WORK INSTRUCTIONS: Nothing in the listing may be skipped; repeat it all exactly.

RECORDS:

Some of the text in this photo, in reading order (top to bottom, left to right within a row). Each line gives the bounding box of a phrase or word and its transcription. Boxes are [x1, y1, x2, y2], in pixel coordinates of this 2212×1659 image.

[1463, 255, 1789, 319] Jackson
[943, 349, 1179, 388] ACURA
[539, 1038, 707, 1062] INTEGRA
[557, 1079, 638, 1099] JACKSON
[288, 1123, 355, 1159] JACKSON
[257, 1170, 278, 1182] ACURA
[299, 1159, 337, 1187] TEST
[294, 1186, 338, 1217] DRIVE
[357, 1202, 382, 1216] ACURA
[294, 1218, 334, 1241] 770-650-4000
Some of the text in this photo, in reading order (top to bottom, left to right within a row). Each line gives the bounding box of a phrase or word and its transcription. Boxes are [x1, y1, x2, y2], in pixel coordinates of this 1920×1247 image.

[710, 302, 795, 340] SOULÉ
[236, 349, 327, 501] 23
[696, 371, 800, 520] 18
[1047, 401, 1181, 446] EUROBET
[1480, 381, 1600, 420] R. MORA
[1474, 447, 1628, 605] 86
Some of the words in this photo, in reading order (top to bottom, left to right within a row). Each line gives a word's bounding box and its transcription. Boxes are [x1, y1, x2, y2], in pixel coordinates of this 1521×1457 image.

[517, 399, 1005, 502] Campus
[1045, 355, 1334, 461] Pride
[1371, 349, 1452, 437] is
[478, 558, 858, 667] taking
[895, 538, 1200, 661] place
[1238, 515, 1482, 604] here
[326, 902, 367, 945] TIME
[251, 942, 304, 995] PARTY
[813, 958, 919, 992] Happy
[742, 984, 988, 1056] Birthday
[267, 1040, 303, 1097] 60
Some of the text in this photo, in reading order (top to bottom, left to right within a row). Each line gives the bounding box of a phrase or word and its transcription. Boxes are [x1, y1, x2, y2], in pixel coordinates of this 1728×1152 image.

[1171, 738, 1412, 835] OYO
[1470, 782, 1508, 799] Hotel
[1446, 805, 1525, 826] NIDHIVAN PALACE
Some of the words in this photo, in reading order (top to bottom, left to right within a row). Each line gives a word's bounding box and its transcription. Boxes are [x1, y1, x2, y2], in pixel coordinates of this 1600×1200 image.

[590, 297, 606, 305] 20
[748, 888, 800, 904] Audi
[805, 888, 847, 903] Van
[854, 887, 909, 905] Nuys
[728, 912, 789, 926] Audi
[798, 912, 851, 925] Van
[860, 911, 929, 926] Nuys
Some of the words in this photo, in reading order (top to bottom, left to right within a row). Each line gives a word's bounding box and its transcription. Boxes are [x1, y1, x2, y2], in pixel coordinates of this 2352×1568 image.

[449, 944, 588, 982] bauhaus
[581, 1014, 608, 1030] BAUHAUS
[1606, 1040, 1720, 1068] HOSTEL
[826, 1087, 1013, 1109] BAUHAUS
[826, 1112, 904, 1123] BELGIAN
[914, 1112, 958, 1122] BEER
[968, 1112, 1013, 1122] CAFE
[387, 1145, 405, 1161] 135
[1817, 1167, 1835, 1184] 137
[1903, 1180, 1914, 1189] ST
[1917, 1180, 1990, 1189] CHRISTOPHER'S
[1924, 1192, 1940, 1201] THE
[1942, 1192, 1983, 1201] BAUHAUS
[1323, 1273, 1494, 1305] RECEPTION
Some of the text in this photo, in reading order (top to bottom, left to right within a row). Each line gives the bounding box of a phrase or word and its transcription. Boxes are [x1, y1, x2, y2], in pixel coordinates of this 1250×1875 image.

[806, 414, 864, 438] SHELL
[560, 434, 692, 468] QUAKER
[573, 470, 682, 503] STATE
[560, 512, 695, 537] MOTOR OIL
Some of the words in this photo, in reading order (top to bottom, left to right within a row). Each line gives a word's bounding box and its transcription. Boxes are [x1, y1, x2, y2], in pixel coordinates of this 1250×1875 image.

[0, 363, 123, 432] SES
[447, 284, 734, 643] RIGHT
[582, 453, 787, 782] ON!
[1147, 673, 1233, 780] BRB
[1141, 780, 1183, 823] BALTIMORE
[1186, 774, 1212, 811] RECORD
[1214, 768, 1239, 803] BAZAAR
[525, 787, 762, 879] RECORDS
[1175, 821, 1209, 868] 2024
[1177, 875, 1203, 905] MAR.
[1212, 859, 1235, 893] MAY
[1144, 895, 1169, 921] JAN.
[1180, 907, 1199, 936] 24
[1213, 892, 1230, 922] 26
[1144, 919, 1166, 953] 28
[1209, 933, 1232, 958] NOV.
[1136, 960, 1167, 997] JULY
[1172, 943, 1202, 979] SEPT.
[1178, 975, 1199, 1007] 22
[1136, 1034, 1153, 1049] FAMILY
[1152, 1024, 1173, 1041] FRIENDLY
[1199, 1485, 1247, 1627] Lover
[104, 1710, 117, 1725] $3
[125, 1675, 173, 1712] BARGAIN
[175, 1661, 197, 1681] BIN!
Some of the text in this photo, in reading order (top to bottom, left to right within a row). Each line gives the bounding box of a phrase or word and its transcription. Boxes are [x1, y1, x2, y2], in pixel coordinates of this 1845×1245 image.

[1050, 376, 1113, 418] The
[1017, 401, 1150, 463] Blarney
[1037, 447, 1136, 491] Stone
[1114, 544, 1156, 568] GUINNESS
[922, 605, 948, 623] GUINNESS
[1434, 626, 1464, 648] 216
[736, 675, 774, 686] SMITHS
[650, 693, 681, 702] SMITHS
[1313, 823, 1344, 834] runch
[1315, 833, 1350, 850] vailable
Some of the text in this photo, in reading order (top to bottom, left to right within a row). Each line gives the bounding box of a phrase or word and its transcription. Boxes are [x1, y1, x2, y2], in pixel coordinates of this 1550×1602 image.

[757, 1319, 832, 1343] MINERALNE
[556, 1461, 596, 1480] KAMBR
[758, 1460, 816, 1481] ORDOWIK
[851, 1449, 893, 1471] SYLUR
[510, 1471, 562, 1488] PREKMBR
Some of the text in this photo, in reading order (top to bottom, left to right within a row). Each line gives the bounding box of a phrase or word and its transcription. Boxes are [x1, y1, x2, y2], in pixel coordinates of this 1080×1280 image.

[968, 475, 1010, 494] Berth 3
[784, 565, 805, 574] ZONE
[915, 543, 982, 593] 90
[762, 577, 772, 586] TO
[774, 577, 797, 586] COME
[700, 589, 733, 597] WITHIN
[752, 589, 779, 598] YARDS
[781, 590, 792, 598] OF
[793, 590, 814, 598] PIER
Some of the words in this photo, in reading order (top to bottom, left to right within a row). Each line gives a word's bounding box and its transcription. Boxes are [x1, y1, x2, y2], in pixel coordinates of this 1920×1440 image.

RESPONSE AREA:
Some of the text in this photo, in reading order (top to bottom, left to right within a row). Each line gives the bounding box of a phrase or word and its transcription. Boxes are [x1, y1, x2, y2], in pixel coordinates of this 2212×1659 image.

[1463, 255, 1789, 319] Jackson
[943, 349, 1179, 388] ACURA
[539, 1038, 707, 1062] INTEGRA
[557, 1079, 638, 1099] JACKSON
[288, 1123, 355, 1159] JACKSON
[257, 1170, 278, 1182] ACURA
[299, 1159, 337, 1187] TEST
[294, 1186, 338, 1217] DRIVE
[357, 1202, 382, 1216] ACURA
[294, 1218, 334, 1241] 770-650-4000
Some of the text in this photo, in reading order (top to bottom, left to right within a row). Each line gives the bounding box of a phrase or word and its transcription. Boxes are [x1, y1, x2, y2], in pixel coordinates of this 1920×1247 image.

[710, 302, 795, 340] SOULÉ
[236, 349, 327, 501] 23
[696, 371, 800, 520] 18
[1047, 401, 1181, 446] EUROBET
[1480, 381, 1600, 420] R. MORA
[1474, 447, 1628, 605] 86
Some of the words in this photo, in reading order (top to bottom, left to right within a row). Each line gives a word's bounding box and its transcription. Boxes are [x1, y1, x2, y2], in pixel coordinates of this 1521×1457 image.

[517, 399, 1005, 502] Campus
[1045, 355, 1334, 461] Pride
[1371, 349, 1452, 437] is
[478, 558, 858, 667] taking
[895, 538, 1200, 661] place
[1238, 515, 1482, 604] here
[326, 902, 367, 945] TIME
[251, 942, 304, 995] PARTY
[813, 958, 919, 992] Happy
[742, 984, 988, 1056] Birthday
[267, 1040, 303, 1097] 60
Some of the text in this photo, in reading order (top to bottom, left to right within a row). Each line gives the bounding box of a phrase or word and its transcription. Boxes are [x1, y1, x2, y2], in pixel coordinates of this 1728×1152 image.

[1171, 738, 1412, 835] OYO
[1470, 782, 1508, 799] Hotel
[1446, 805, 1525, 826] NIDHIVAN PALACE
Some of the words in this photo, in reading order (top to bottom, left to right within a row). Each line gives a word's bounding box and its transcription. Boxes are [x1, y1, x2, y2], in pixel coordinates of this 1600×1200 image.

[590, 297, 606, 305] 20
[748, 888, 800, 904] Audi
[805, 888, 847, 903] Van
[854, 887, 909, 905] Nuys
[728, 912, 789, 926] Audi
[798, 912, 851, 925] Van
[860, 911, 929, 926] Nuys
Some of the words in this photo, in reading order (top to bottom, left to right within a row). Each line gives a word's bounding box and its transcription. Boxes are [x1, y1, x2, y2], in pixel coordinates of this 2352×1568 image.

[449, 944, 588, 982] bauhaus
[581, 1014, 608, 1030] BAUHAUS
[1606, 1040, 1720, 1068] HOSTEL
[826, 1087, 1013, 1109] BAUHAUS
[826, 1112, 904, 1123] BELGIAN
[914, 1112, 958, 1122] BEER
[968, 1112, 1013, 1122] CAFE
[387, 1145, 405, 1161] 135
[1817, 1167, 1835, 1184] 137
[1903, 1180, 1914, 1189] ST
[1917, 1180, 1990, 1189] CHRISTOPHER'S
[1924, 1192, 1940, 1201] THE
[1942, 1192, 1983, 1201] BAUHAUS
[1323, 1273, 1494, 1305] RECEPTION
Some of the text in this photo, in reading order (top to bottom, left to right within a row). Each line gives the bounding box of a phrase or word and its transcription. Boxes are [x1, y1, x2, y2], in pixel coordinates of this 1250×1875 image.

[806, 414, 864, 438] SHELL
[560, 434, 692, 468] QUAKER
[573, 470, 682, 503] STATE
[560, 512, 695, 537] MOTOR OIL
Some of the words in this photo, in reading order (top to bottom, left to right within a row). Each line gives a word's bounding box and its transcription. Boxes are [x1, y1, x2, y2], in pixel coordinates of this 1250×1875 image.

[0, 363, 123, 432] SES
[447, 284, 734, 643] RIGHT
[582, 453, 787, 782] ON!
[1147, 673, 1233, 780] BRB
[1141, 780, 1183, 823] BALTIMORE
[1186, 774, 1212, 811] RECORD
[1214, 768, 1239, 803] BAZAAR
[525, 787, 762, 879] RECORDS
[1175, 821, 1209, 868] 2024
[1177, 875, 1203, 905] MAR.
[1212, 859, 1235, 893] MAY
[1144, 895, 1169, 921] JAN.
[1180, 907, 1199, 936] 24
[1213, 892, 1230, 922] 26
[1144, 919, 1166, 953] 28
[1209, 933, 1232, 958] NOV.
[1136, 960, 1167, 997] JULY
[1172, 943, 1202, 979] SEPT.
[1178, 975, 1199, 1007] 22
[1136, 1034, 1153, 1049] FAMILY
[1152, 1024, 1173, 1041] FRIENDLY
[1199, 1485, 1247, 1627] Lover
[104, 1710, 117, 1725] $3
[125, 1675, 173, 1712] BARGAIN
[175, 1661, 197, 1681] BIN!
Some of the text in this photo, in reading order (top to bottom, left to right within a row). Each line gives the bounding box of a phrase or word and its transcription. Boxes are [x1, y1, x2, y2], in pixel coordinates of this 1845×1245 image.

[1050, 376, 1113, 418] The
[1017, 401, 1150, 463] Blarney
[1037, 447, 1136, 491] Stone
[1114, 544, 1156, 568] GUINNESS
[922, 605, 948, 623] GUINNESS
[1434, 626, 1464, 648] 216
[736, 675, 774, 686] SMITHS
[650, 693, 681, 702] SMITHS
[1313, 823, 1344, 834] runch
[1315, 833, 1350, 850] vailable
Some of the text in this photo, in reading order (top to bottom, left to right within a row). Each line gives the bounding box of a phrase or word and its transcription. Boxes are [x1, y1, x2, y2], in pixel coordinates of this 1550×1602 image.

[757, 1319, 832, 1343] MINERALNE
[556, 1461, 596, 1480] KAMBR
[758, 1460, 816, 1481] ORDOWIK
[851, 1449, 893, 1471] SYLUR
[510, 1471, 562, 1488] PREKMBR
Some of the text in this photo, in reading order (top to bottom, left to right within a row). Each line gives the bounding box of a phrase or word and its transcription. Boxes are [x1, y1, x2, y2], in pixel coordinates of this 1080×1280 image.

[968, 475, 1010, 494] Berth 3
[784, 565, 805, 574] ZONE
[915, 543, 982, 593] 90
[762, 577, 772, 586] TO
[774, 577, 797, 586] COME
[700, 589, 733, 597] WITHIN
[752, 589, 779, 598] YARDS
[781, 590, 792, 598] OF
[793, 590, 814, 598] PIER
Some of the words in this photo, in reading order (top to bottom, left to right within a row). Each line gives a word's bounding box and its transcription. Boxes are [x1, y1, x2, y2], in pixel coordinates of this 1920×1440 image.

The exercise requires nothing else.